**What you should do**:
Write out every entry, unchanged. Skip any picture.

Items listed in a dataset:
'''
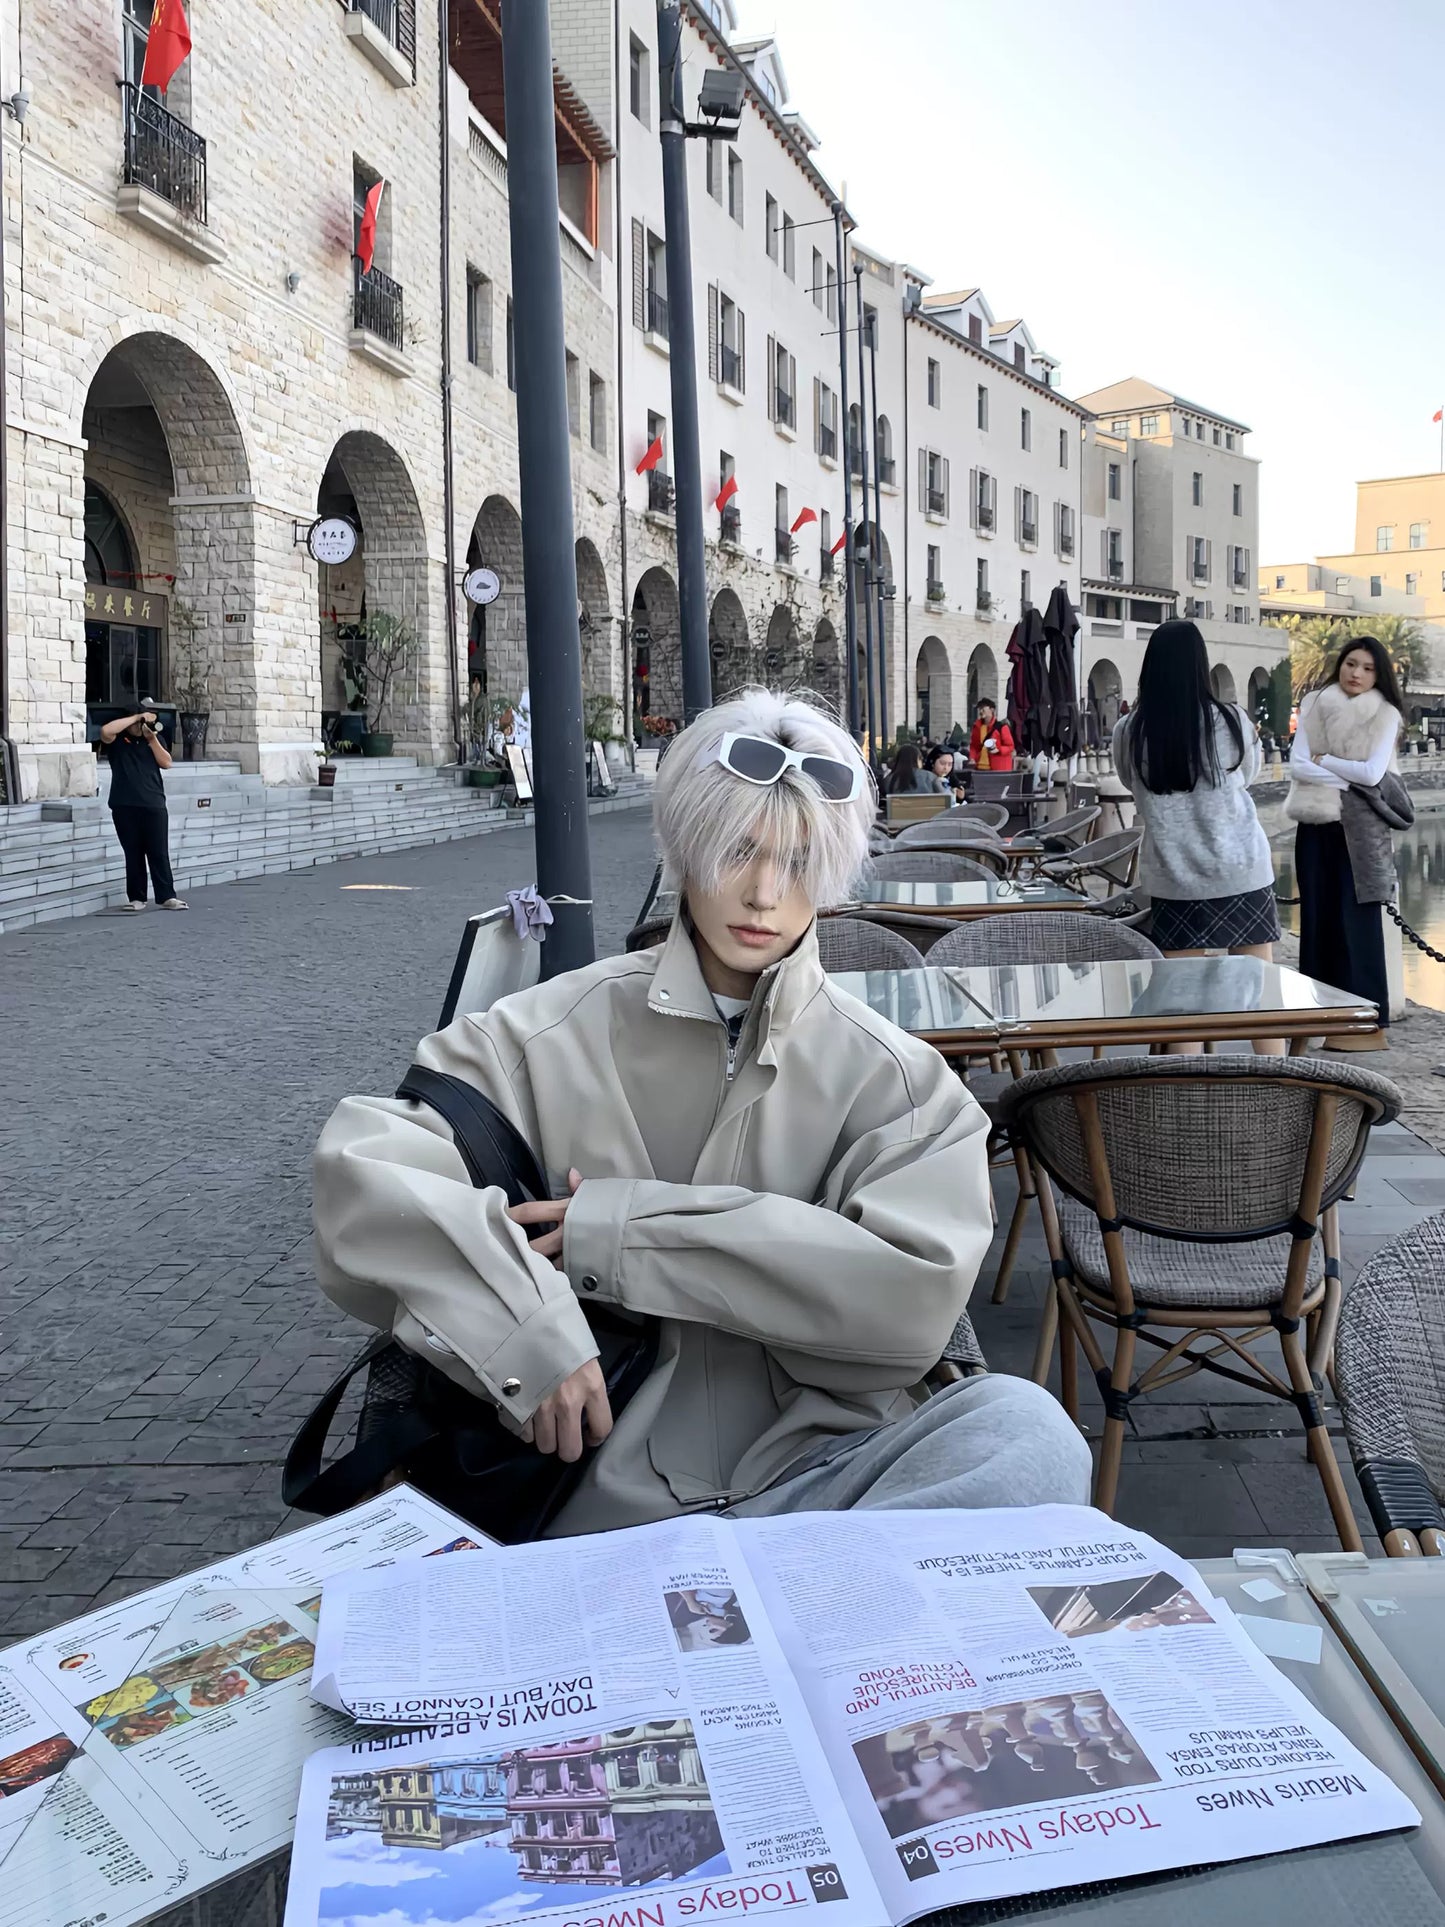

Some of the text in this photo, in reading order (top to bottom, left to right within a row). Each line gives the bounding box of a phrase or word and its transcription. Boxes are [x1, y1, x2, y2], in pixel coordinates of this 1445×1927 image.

[913, 1542, 1137, 1570] BEAUTIFUL AND PICTURESQUE
[940, 1568, 953, 1578] A
[955, 1567, 971, 1577] IS
[975, 1561, 1024, 1576] THERE
[852, 1668, 971, 1698] PICTURESQUE
[858, 1666, 904, 1682] POND
[548, 1676, 593, 1696] DAY,
[664, 1687, 680, 1699] A
[392, 1698, 483, 1713] CANNOT
[490, 1696, 494, 1708] I
[501, 1687, 543, 1706] BUT
[845, 1678, 977, 1715] BEAUTIFUL AND
[523, 1693, 597, 1724] TODAY
[476, 1712, 491, 1730] A
[497, 1709, 516, 1728] IS
[1189, 1725, 1312, 1744] VELIPS NAMLUS
[1166, 1747, 1214, 1762] EMSA
[1175, 1761, 1213, 1777] TODI
[1197, 1774, 1367, 1812] Mauris Nwes
[934, 1804, 1161, 1859] Todays Nwes
[903, 1845, 928, 1865] 04
[813, 1870, 838, 1886] 05
[678, 1880, 807, 1916] Todays
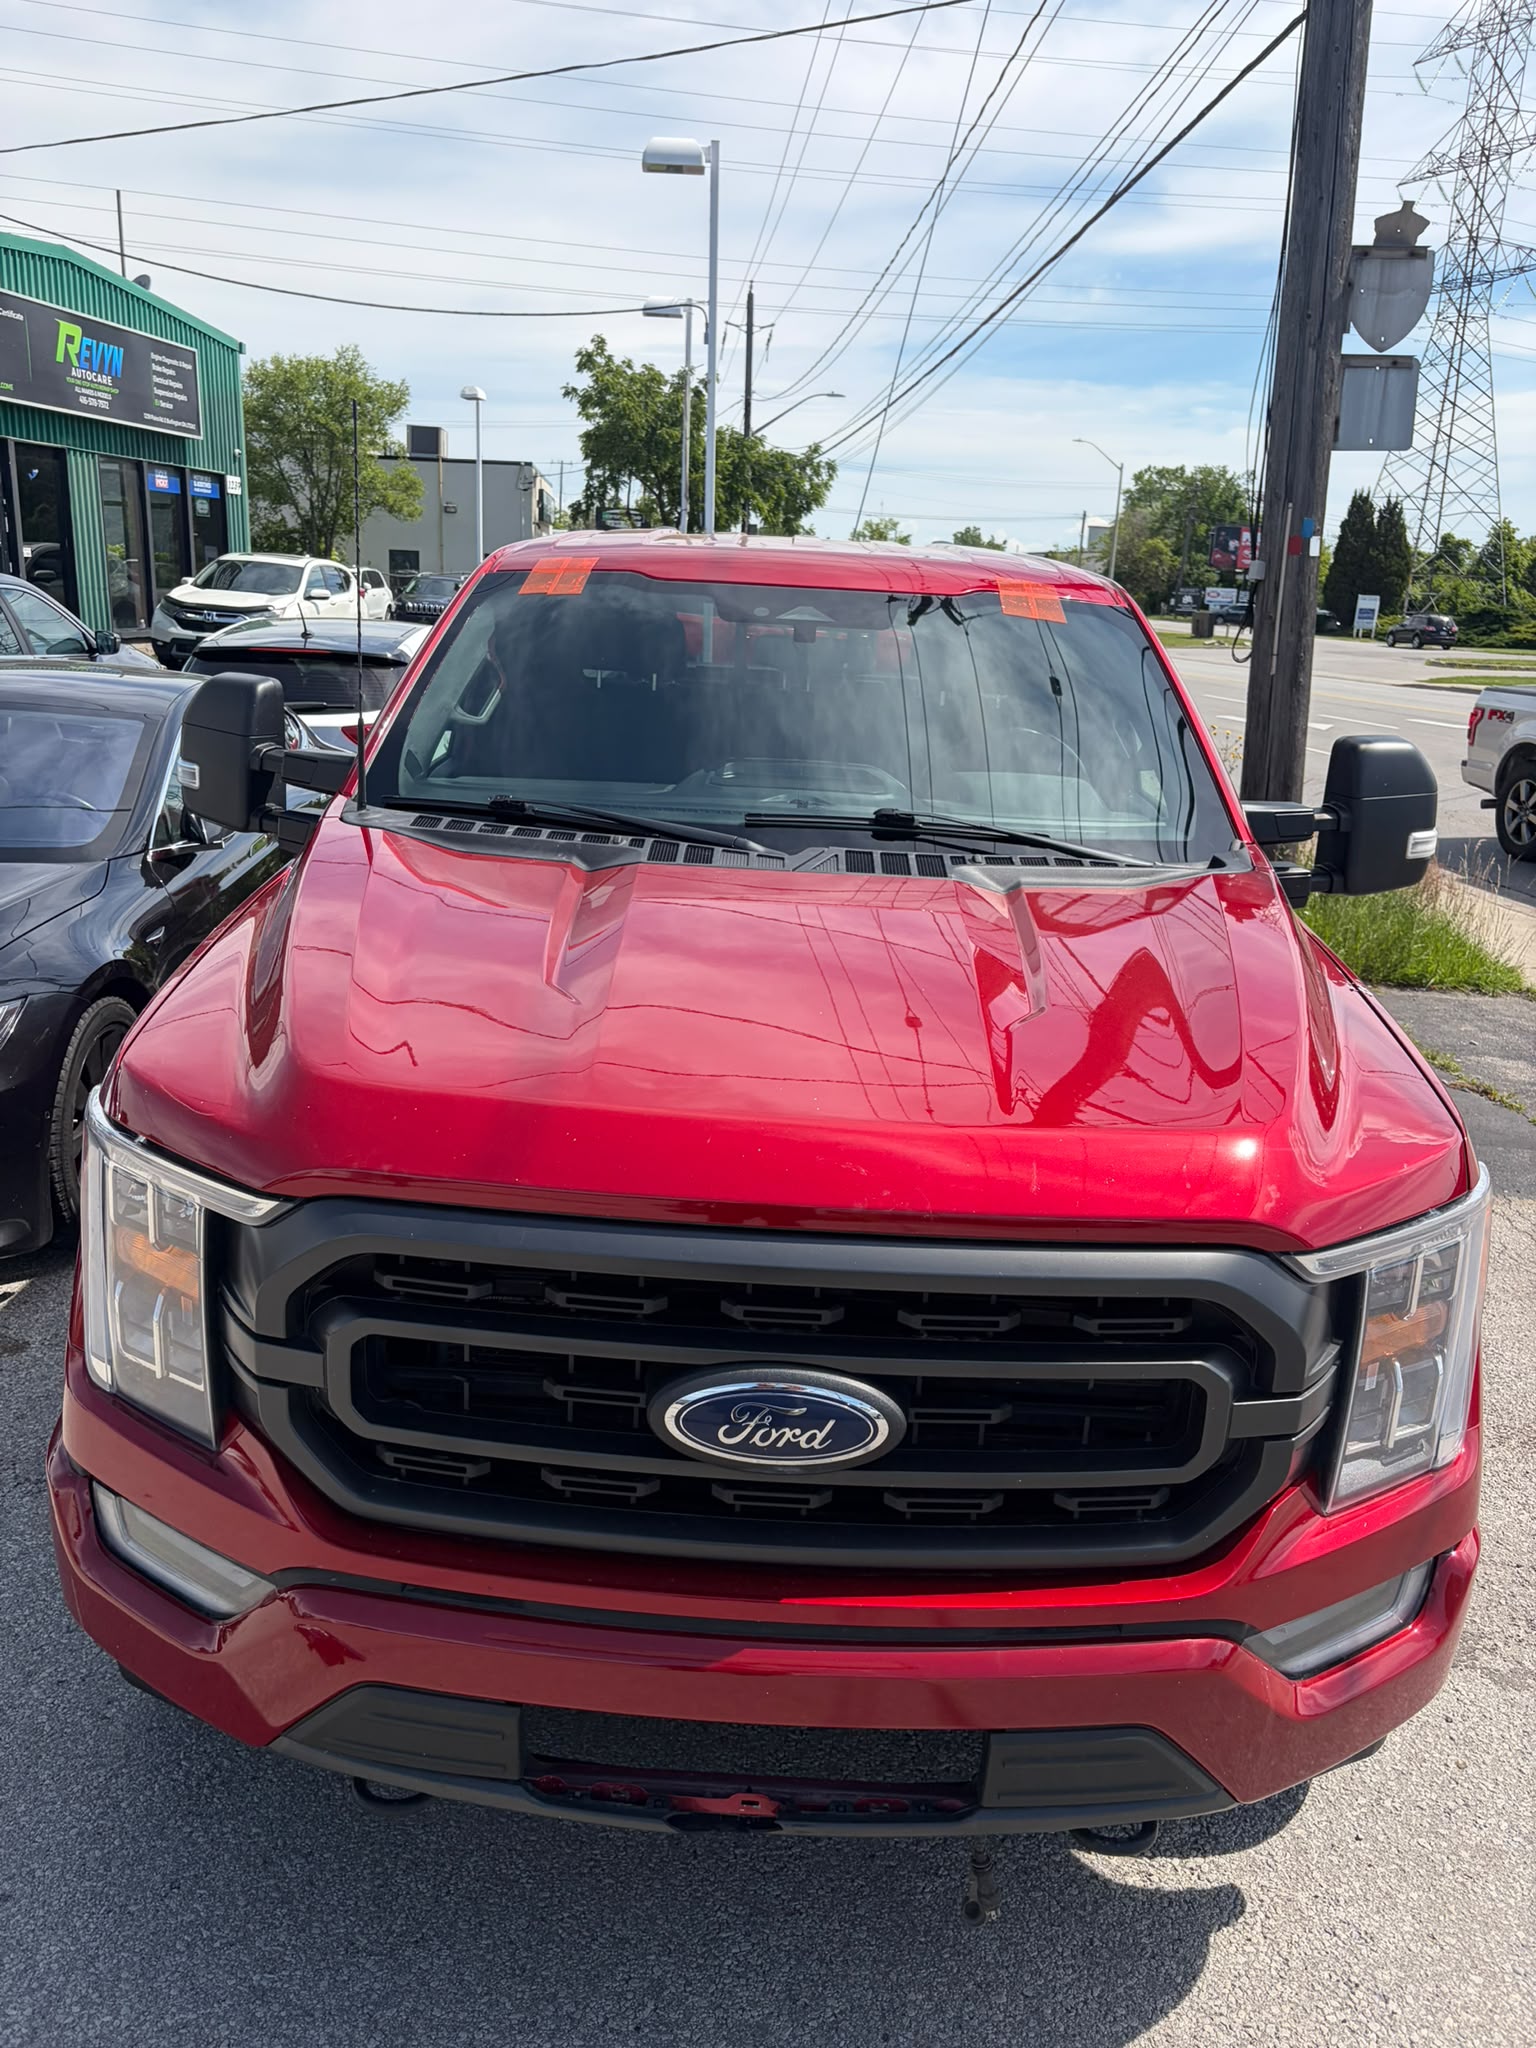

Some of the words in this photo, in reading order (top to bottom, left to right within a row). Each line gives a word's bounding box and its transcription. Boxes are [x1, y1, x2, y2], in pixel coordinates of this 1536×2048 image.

[55, 318, 124, 378] REVYN
[71, 367, 113, 386] AUTOCARE
[1488, 709, 1515, 721] FX4
[717, 1401, 836, 1449] Ford
'''
**Answer box**:
Some of the text in this photo, in reading order (top to bottom, left to right within a row). Each line gives the bounding box of a phrase or word and its transcription. Boxes are [x1, y1, x2, y2], in pixel coordinates of this 1445×1927 image.

[913, 1542, 1137, 1570] BEAUTIFUL AND PICTURESQUE
[940, 1568, 953, 1578] A
[955, 1567, 971, 1577] IS
[975, 1561, 1024, 1576] THERE
[852, 1668, 971, 1698] PICTURESQUE
[858, 1666, 904, 1682] POND
[548, 1676, 593, 1696] DAY,
[664, 1687, 680, 1699] A
[392, 1698, 483, 1713] CANNOT
[490, 1696, 494, 1708] I
[501, 1687, 543, 1706] BUT
[845, 1678, 977, 1715] BEAUTIFUL AND
[523, 1693, 597, 1724] TODAY
[476, 1712, 491, 1730] A
[497, 1709, 516, 1728] IS
[1189, 1725, 1312, 1744] VELIPS NAMLUS
[1166, 1747, 1214, 1762] EMSA
[1175, 1761, 1213, 1777] TODI
[1197, 1774, 1367, 1812] Mauris Nwes
[934, 1804, 1161, 1859] Todays Nwes
[903, 1845, 928, 1865] 04
[813, 1870, 838, 1886] 05
[678, 1880, 807, 1916] Todays

Some of the words in this photo, in reading order (top to bottom, left to right within a row). Each line gives a word's bounding box and its transcription. Boxes are [x1, y1, x2, y2], in pixel coordinates of this 1536×2048 image.

[55, 318, 124, 378] REVYN
[71, 367, 113, 386] AUTOCARE
[1488, 709, 1515, 721] FX4
[717, 1401, 836, 1449] Ford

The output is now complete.